* **DATA FOR THE TASK**:
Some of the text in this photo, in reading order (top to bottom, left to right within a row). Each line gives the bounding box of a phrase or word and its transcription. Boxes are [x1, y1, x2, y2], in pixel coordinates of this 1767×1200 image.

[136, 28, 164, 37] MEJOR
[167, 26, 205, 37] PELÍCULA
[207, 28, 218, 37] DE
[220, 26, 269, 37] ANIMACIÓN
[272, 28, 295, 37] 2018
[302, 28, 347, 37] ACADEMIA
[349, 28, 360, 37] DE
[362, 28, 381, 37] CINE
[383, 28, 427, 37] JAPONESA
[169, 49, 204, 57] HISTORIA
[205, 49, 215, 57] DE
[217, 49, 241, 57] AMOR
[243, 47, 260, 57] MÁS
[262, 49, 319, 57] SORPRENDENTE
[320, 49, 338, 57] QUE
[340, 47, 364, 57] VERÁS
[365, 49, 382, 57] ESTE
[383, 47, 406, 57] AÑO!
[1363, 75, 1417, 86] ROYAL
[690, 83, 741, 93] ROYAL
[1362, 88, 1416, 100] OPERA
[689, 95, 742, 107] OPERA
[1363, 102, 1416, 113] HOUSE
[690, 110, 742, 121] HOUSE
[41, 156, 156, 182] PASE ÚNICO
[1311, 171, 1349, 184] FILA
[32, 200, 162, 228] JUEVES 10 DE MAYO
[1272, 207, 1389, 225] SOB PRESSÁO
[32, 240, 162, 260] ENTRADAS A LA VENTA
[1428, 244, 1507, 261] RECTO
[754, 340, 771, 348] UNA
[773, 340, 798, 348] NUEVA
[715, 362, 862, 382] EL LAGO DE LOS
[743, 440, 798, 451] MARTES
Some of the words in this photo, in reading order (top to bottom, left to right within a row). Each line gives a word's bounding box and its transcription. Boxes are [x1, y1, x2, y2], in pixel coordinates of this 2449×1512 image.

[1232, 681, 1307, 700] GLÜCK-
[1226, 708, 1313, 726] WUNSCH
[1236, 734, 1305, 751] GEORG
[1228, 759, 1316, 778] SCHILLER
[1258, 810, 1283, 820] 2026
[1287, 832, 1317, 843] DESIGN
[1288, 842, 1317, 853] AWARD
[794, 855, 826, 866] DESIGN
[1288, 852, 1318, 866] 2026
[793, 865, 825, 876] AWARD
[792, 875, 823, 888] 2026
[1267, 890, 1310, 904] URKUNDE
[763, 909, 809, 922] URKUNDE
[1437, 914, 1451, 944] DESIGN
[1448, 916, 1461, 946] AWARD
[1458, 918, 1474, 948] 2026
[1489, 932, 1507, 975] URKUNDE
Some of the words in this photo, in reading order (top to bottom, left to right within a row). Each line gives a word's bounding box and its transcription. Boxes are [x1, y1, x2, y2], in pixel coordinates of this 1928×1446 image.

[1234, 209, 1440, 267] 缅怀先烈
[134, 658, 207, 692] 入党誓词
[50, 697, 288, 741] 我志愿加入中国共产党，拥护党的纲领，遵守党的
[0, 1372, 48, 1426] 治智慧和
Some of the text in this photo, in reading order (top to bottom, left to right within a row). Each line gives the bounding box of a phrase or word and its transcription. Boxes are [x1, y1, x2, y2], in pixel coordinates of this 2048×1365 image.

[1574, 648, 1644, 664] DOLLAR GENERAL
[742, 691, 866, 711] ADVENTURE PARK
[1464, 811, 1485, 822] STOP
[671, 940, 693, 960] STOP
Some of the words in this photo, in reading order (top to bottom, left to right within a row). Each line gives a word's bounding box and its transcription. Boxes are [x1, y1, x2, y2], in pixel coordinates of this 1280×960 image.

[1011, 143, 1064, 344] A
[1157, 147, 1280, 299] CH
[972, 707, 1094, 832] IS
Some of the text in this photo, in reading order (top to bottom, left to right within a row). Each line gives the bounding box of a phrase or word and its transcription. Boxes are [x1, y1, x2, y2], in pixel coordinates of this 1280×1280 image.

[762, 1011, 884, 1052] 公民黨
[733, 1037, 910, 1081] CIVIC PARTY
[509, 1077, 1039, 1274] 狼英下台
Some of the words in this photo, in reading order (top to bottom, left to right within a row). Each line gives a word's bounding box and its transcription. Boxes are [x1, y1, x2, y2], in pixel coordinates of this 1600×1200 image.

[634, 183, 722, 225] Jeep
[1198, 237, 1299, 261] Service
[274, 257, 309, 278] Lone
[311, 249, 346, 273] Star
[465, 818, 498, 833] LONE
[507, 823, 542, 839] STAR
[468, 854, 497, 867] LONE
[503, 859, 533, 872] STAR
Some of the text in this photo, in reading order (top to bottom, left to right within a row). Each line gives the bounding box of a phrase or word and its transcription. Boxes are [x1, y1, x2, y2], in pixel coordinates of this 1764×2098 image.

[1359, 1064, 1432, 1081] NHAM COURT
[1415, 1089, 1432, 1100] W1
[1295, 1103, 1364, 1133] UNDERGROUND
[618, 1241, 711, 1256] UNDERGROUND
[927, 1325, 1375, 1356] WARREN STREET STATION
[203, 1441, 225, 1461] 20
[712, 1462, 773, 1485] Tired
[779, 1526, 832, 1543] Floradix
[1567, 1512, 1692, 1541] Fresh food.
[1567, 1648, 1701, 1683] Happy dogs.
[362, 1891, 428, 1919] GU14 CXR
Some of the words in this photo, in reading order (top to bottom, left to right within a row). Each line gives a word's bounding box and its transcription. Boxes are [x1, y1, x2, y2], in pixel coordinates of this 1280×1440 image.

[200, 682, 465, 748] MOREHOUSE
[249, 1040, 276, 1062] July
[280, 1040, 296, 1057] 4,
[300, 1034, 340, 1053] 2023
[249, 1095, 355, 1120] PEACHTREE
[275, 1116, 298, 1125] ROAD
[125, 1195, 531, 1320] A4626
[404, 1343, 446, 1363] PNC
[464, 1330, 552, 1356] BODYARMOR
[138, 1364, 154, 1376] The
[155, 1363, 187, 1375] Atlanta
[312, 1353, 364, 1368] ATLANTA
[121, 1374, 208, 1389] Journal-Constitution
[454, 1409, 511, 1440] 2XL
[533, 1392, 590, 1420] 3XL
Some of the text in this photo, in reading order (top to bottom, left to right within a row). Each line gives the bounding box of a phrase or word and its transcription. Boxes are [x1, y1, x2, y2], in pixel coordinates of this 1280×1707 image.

* **EXERCISE PROMPT**: Could you please print the entire listing exactly?

* **THE ANSWER**:
Some of the text in this photo, in reading order (top to bottom, left to right within a row). Each line gives the bounding box of a phrase or word and its transcription. Boxes are [x1, y1, x2, y2], in pixel coordinates of this 1767×1200 image.

[136, 28, 164, 37] MEJOR
[167, 26, 205, 37] PELÍCULA
[207, 28, 218, 37] DE
[220, 26, 269, 37] ANIMACIÓN
[272, 28, 295, 37] 2018
[302, 28, 347, 37] ACADEMIA
[349, 28, 360, 37] DE
[362, 28, 381, 37] CINE
[383, 28, 427, 37] JAPONESA
[169, 49, 204, 57] HISTORIA
[205, 49, 215, 57] DE
[217, 49, 241, 57] AMOR
[243, 47, 260, 57] MÁS
[262, 49, 319, 57] SORPRENDENTE
[320, 49, 338, 57] QUE
[340, 47, 364, 57] VERÁS
[365, 49, 382, 57] ESTE
[383, 47, 406, 57] AÑO!
[1363, 75, 1417, 86] ROYAL
[690, 83, 741, 93] ROYAL
[1362, 88, 1416, 100] OPERA
[689, 95, 742, 107] OPERA
[1363, 102, 1416, 113] HOUSE
[690, 110, 742, 121] HOUSE
[41, 156, 156, 182] PASE ÚNICO
[1311, 171, 1349, 184] FILA
[32, 200, 162, 228] JUEVES 10 DE MAYO
[1272, 207, 1389, 225] SOB PRESSÁO
[32, 240, 162, 260] ENTRADAS A LA VENTA
[1428, 244, 1507, 261] RECTO
[754, 340, 771, 348] UNA
[773, 340, 798, 348] NUEVA
[715, 362, 862, 382] EL LAGO DE LOS
[743, 440, 798, 451] MARTES
Some of the words in this photo, in reading order (top to bottom, left to right within a row). Each line gives a word's bounding box and its transcription. Boxes are [x1, y1, x2, y2], in pixel coordinates of this 2449×1512 image.

[1232, 681, 1307, 700] GLÜCK-
[1226, 708, 1313, 726] WUNSCH
[1236, 734, 1305, 751] GEORG
[1228, 759, 1316, 778] SCHILLER
[1258, 810, 1283, 820] 2026
[1287, 832, 1317, 843] DESIGN
[1288, 842, 1317, 853] AWARD
[794, 855, 826, 866] DESIGN
[1288, 852, 1318, 866] 2026
[793, 865, 825, 876] AWARD
[792, 875, 823, 888] 2026
[1267, 890, 1310, 904] URKUNDE
[763, 909, 809, 922] URKUNDE
[1437, 914, 1451, 944] DESIGN
[1448, 916, 1461, 946] AWARD
[1458, 918, 1474, 948] 2026
[1489, 932, 1507, 975] URKUNDE
Some of the words in this photo, in reading order (top to bottom, left to right within a row). Each line gives a word's bounding box and its transcription. Boxes are [x1, y1, x2, y2], in pixel coordinates of this 1928×1446 image.

[1234, 209, 1440, 267] 缅怀先烈
[134, 658, 207, 692] 入党誓词
[50, 697, 288, 741] 我志愿加入中国共产党，拥护党的纲领，遵守党的
[0, 1372, 48, 1426] 治智慧和
Some of the text in this photo, in reading order (top to bottom, left to right within a row). Each line gives the bounding box of a phrase or word and its transcription. Boxes are [x1, y1, x2, y2], in pixel coordinates of this 2048×1365 image.

[1574, 648, 1644, 664] DOLLAR GENERAL
[742, 691, 866, 711] ADVENTURE PARK
[1464, 811, 1485, 822] STOP
[671, 940, 693, 960] STOP
Some of the words in this photo, in reading order (top to bottom, left to right within a row). Each line gives a word's bounding box and its transcription. Boxes are [x1, y1, x2, y2], in pixel coordinates of this 1280×960 image.

[1011, 143, 1064, 344] A
[1157, 147, 1280, 299] CH
[972, 707, 1094, 832] IS
Some of the text in this photo, in reading order (top to bottom, left to right within a row). Each line gives the bounding box of a phrase or word and its transcription. Boxes are [x1, y1, x2, y2], in pixel coordinates of this 1280×1280 image.

[762, 1011, 884, 1052] 公民黨
[733, 1037, 910, 1081] CIVIC PARTY
[509, 1077, 1039, 1274] 狼英下台
Some of the words in this photo, in reading order (top to bottom, left to right within a row). Each line gives a word's bounding box and its transcription. Boxes are [x1, y1, x2, y2], in pixel coordinates of this 1600×1200 image.

[634, 183, 722, 225] Jeep
[1198, 237, 1299, 261] Service
[274, 257, 309, 278] Lone
[311, 249, 346, 273] Star
[465, 818, 498, 833] LONE
[507, 823, 542, 839] STAR
[468, 854, 497, 867] LONE
[503, 859, 533, 872] STAR
Some of the text in this photo, in reading order (top to bottom, left to right within a row). Each line gives the bounding box of a phrase or word and its transcription. Boxes are [x1, y1, x2, y2], in pixel coordinates of this 1764×2098 image.

[1359, 1064, 1432, 1081] NHAM COURT
[1415, 1089, 1432, 1100] W1
[1295, 1103, 1364, 1133] UNDERGROUND
[618, 1241, 711, 1256] UNDERGROUND
[927, 1325, 1375, 1356] WARREN STREET STATION
[203, 1441, 225, 1461] 20
[712, 1462, 773, 1485] Tired
[779, 1526, 832, 1543] Floradix
[1567, 1512, 1692, 1541] Fresh food.
[1567, 1648, 1701, 1683] Happy dogs.
[362, 1891, 428, 1919] GU14 CXR
Some of the words in this photo, in reading order (top to bottom, left to right within a row). Each line gives a word's bounding box and its transcription. Boxes are [x1, y1, x2, y2], in pixel coordinates of this 1280×1440 image.

[200, 682, 465, 748] MOREHOUSE
[249, 1040, 276, 1062] July
[280, 1040, 296, 1057] 4,
[300, 1034, 340, 1053] 2023
[249, 1095, 355, 1120] PEACHTREE
[275, 1116, 298, 1125] ROAD
[125, 1195, 531, 1320] A4626
[404, 1343, 446, 1363] PNC
[464, 1330, 552, 1356] BODYARMOR
[138, 1364, 154, 1376] The
[155, 1363, 187, 1375] Atlanta
[312, 1353, 364, 1368] ATLANTA
[121, 1374, 208, 1389] Journal-Constitution
[454, 1409, 511, 1440] 2XL
[533, 1392, 590, 1420] 3XL
Some of the text in this photo, in reading order (top to bottom, left to right within a row). Each line gives the bounding box of a phrase or word and its transcription. Boxes are [x1, y1, x2, y2], in pixel coordinates of this 1280×1707 image.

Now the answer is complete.